Monitoring Maturation Using Analytics

At SWOOP, we have been benchmarking Yammer Installations from start-up to ‘normal operations’ for some time. With Yammer, the typical pattern of start-up is a bottom-up use of ‘Free’ Yammer, which for some, lasts for many years. Without exception, however, sustained usage only occurred after a formal launch and the tacit approval of senior management. We observed different patterns of start-ups from the ‘big-bang’ public launch, through to more organic, yet managed approaches. Whatever strategy is used, organizations always reach a stage of steady-state operations or, at worst, a slow decline. 

Yammer Maturity Journey

Yammer Maturity Journey

For an Enterprise Social Network (ESN) like Yammer, we have found that the average engagement rate of the 35+ organizations in our benchmark set is around 29% (i.e., non-observers) with the best at around 75%. It is evident from our benchmarking that for larger organizations—for example, more than say 5,000 participants—it can be hard to achieve engagement levels above 30%. However, this doesn’t mean that staff aren’t collaborating.

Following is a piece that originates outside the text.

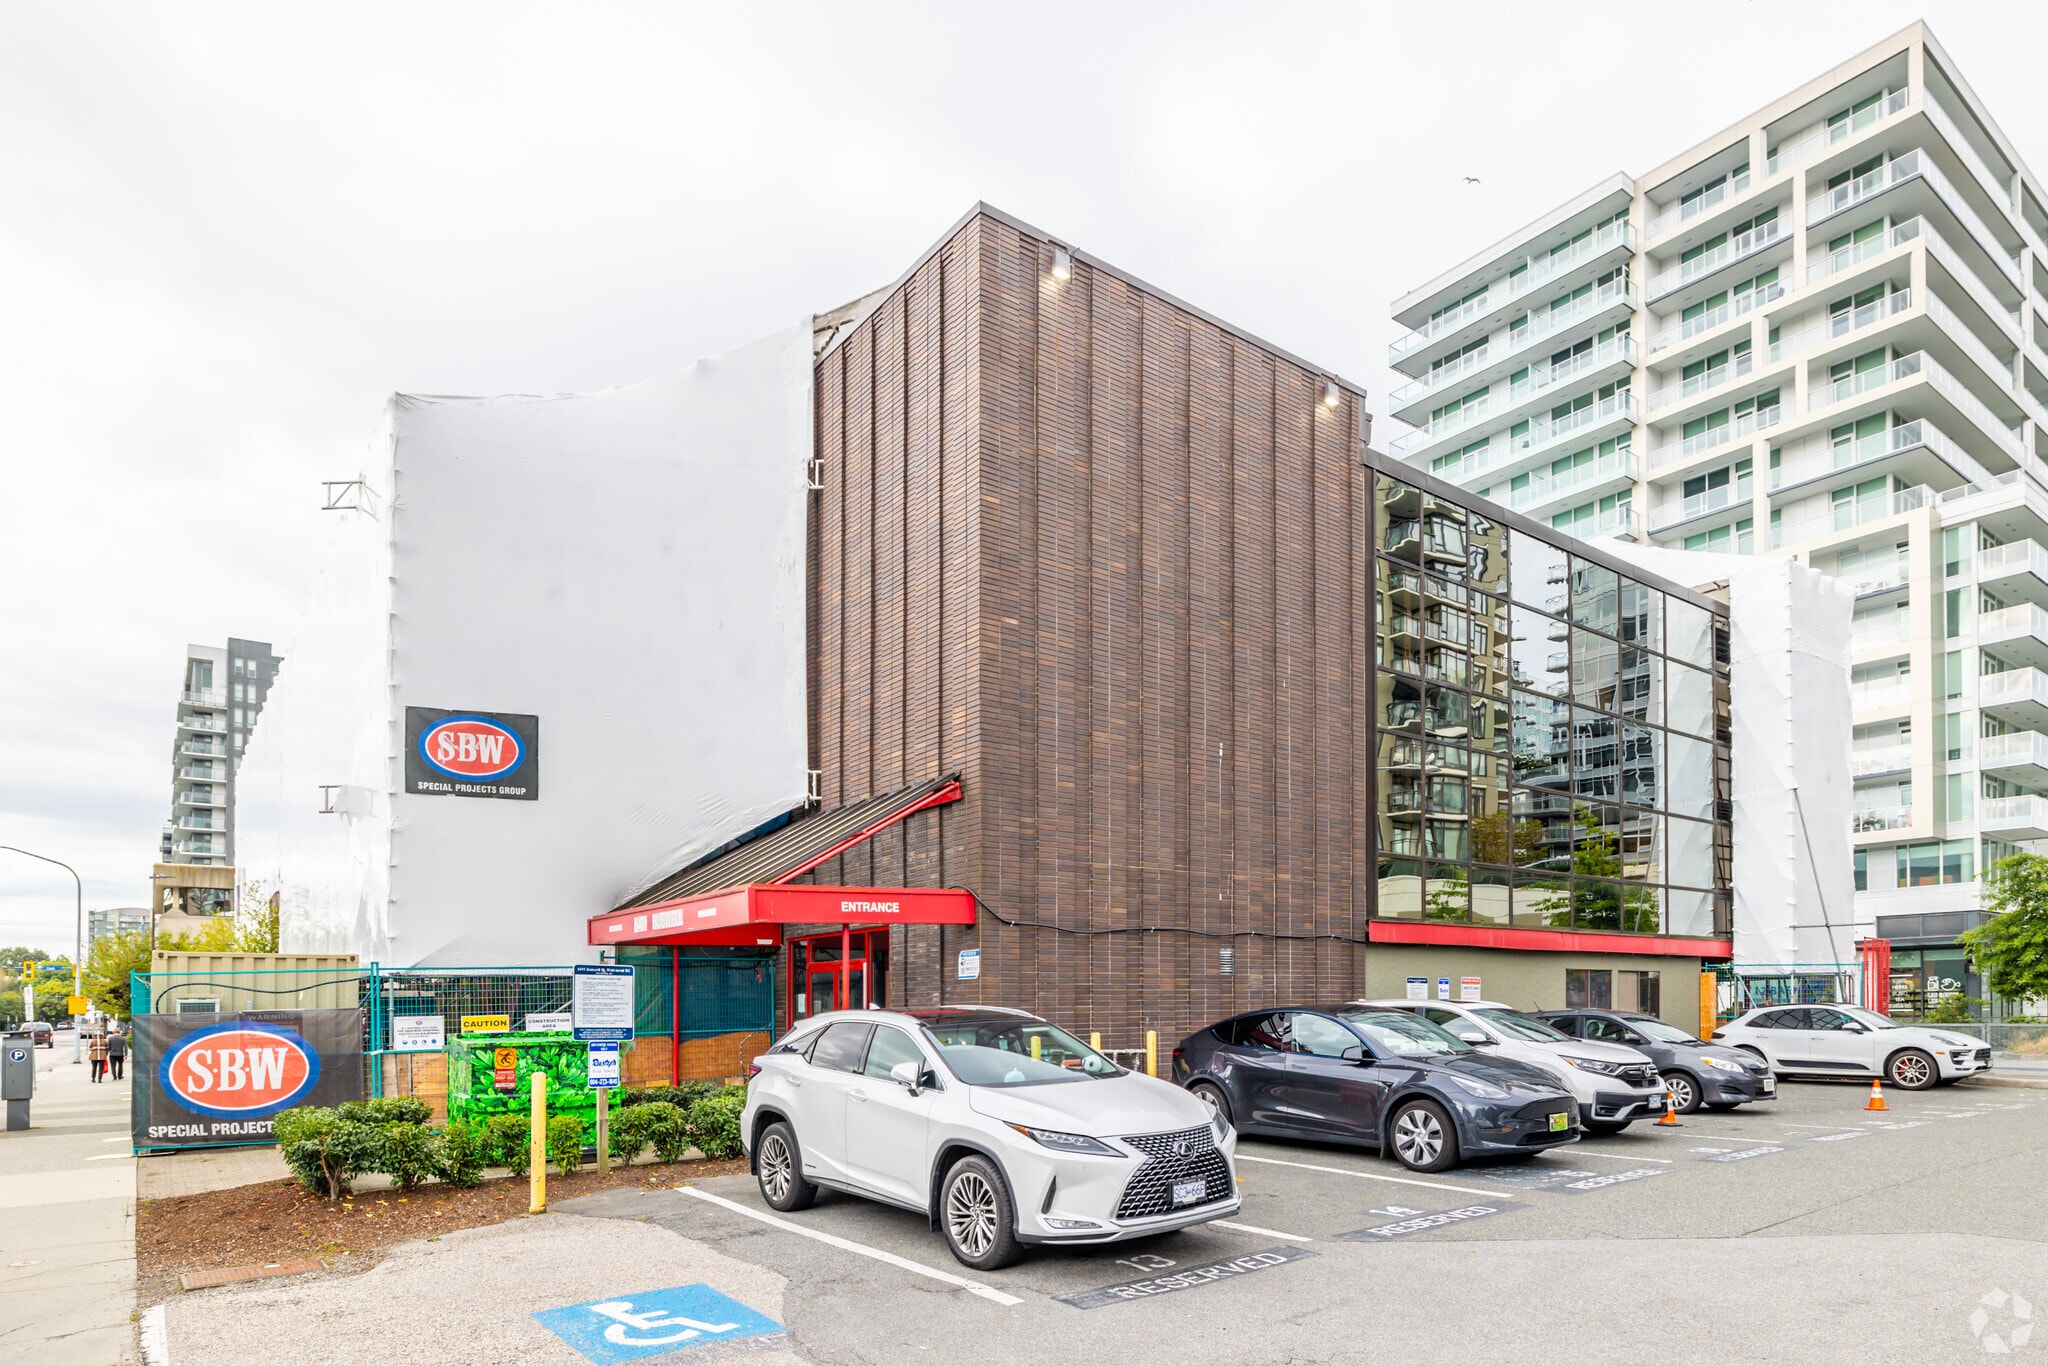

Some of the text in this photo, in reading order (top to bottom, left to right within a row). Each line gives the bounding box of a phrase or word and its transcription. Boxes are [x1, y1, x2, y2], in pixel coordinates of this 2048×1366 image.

We are seeing a proliferation of offerings that make up the digital office. For a small organization, Yammer may be their main collaboration tool, where team level activities take place. For larger organizations, however, Yammer may be seen as a place to explore opportunities and build capabilities, rather than as an execution space. Increasingly, tools like Slack, HipChat, and now Microsoft Teams are being used to fill this space for some teams that depend on real-time conversations as their primary mode of communication.

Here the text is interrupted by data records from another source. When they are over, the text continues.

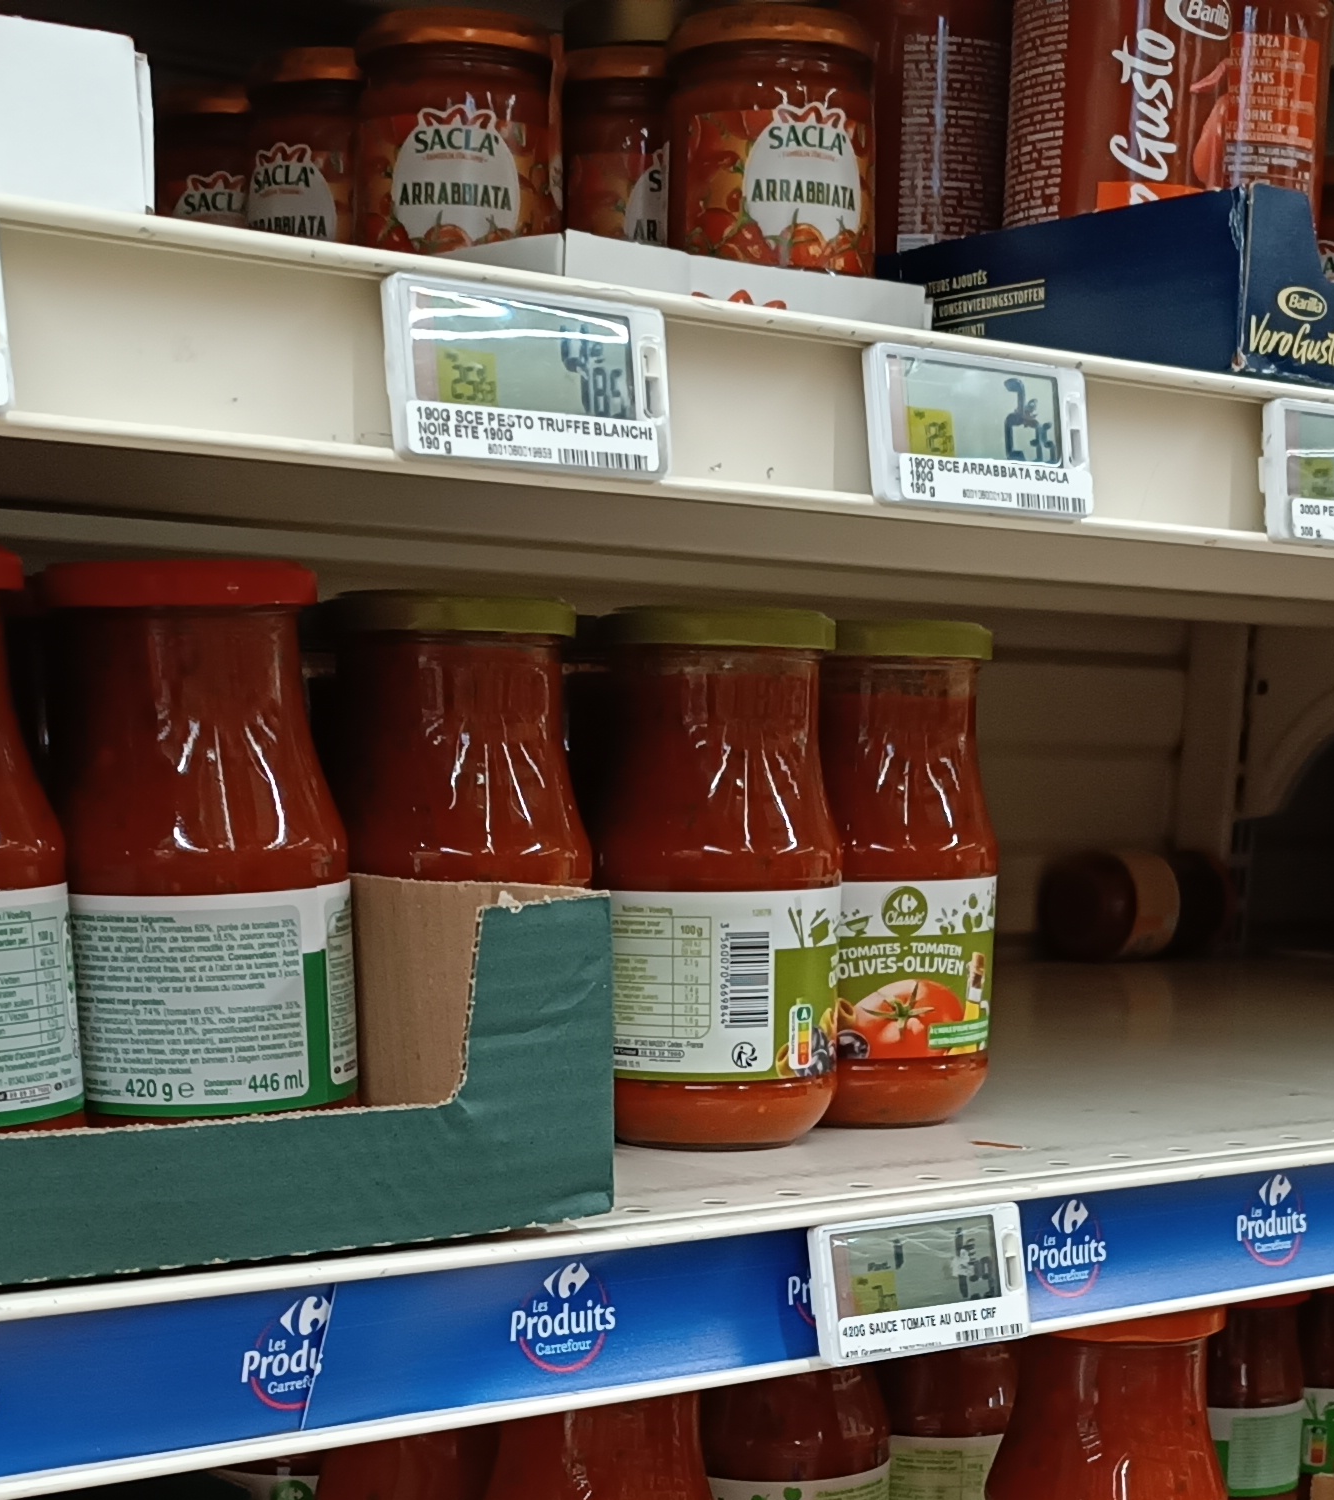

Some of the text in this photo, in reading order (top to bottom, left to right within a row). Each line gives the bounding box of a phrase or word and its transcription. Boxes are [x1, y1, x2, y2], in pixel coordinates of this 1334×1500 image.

[398, 181, 513, 212] ARRABBIATA
[751, 179, 856, 212] ARRABBIATA
[1287, 292, 1325, 314] Barilla
[416, 406, 451, 422] 190G
[455, 409, 484, 426] SCE
[488, 412, 534, 430] PESTO
[538, 417, 590, 436] TRUFFE
[417, 421, 514, 442] NOIR ETE 190G
[418, 436, 440, 451] 190
[908, 457, 1069, 484] 190G SCE ARRABBIATA SACLA
[910, 482, 926, 495] 190
[1299, 503, 1321, 516] 300G
[842, 942, 963, 962] TOMATES TOMATEN
[836, 956, 965, 980] OLIVES-OLIJVEN
[125, 1078, 173, 1102] 420 g
[248, 1069, 305, 1094] 446 ml
[1236, 1208, 1307, 1243] Produits
[1043, 1234, 1056, 1247] Les
[1028, 1236, 1107, 1273] Produits
[531, 1299, 549, 1314] Les
[510, 1302, 616, 1344] Produits
[842, 1306, 998, 1338] 420G SAUCE TOMATE AU OLIVE CRF
[267, 1337, 286, 1353] Les
[534, 1335, 592, 1358] Carrefour

A Collaboration Performance Framework

As organizations mature with their use of collaboration tools, it is critical not to be caught in the ‘collaboration for collaboration sake’ cycle. As we indicated in “How Rich Data Can Improve Your Communication,” collaboration must happen with a purpose and goals in mind. The path to achieving strategic goals is rarely linear. More regularly, we need to adopt a framework of continuous improvement toward our stated goals. For many organizations, this will take the form of a Plan, Do, Check, Act’ cycle of continuous improvement. However, in this age of digital disruptions and transformations, we need a framework that can also accommodate transformational, as well as incremental innovation.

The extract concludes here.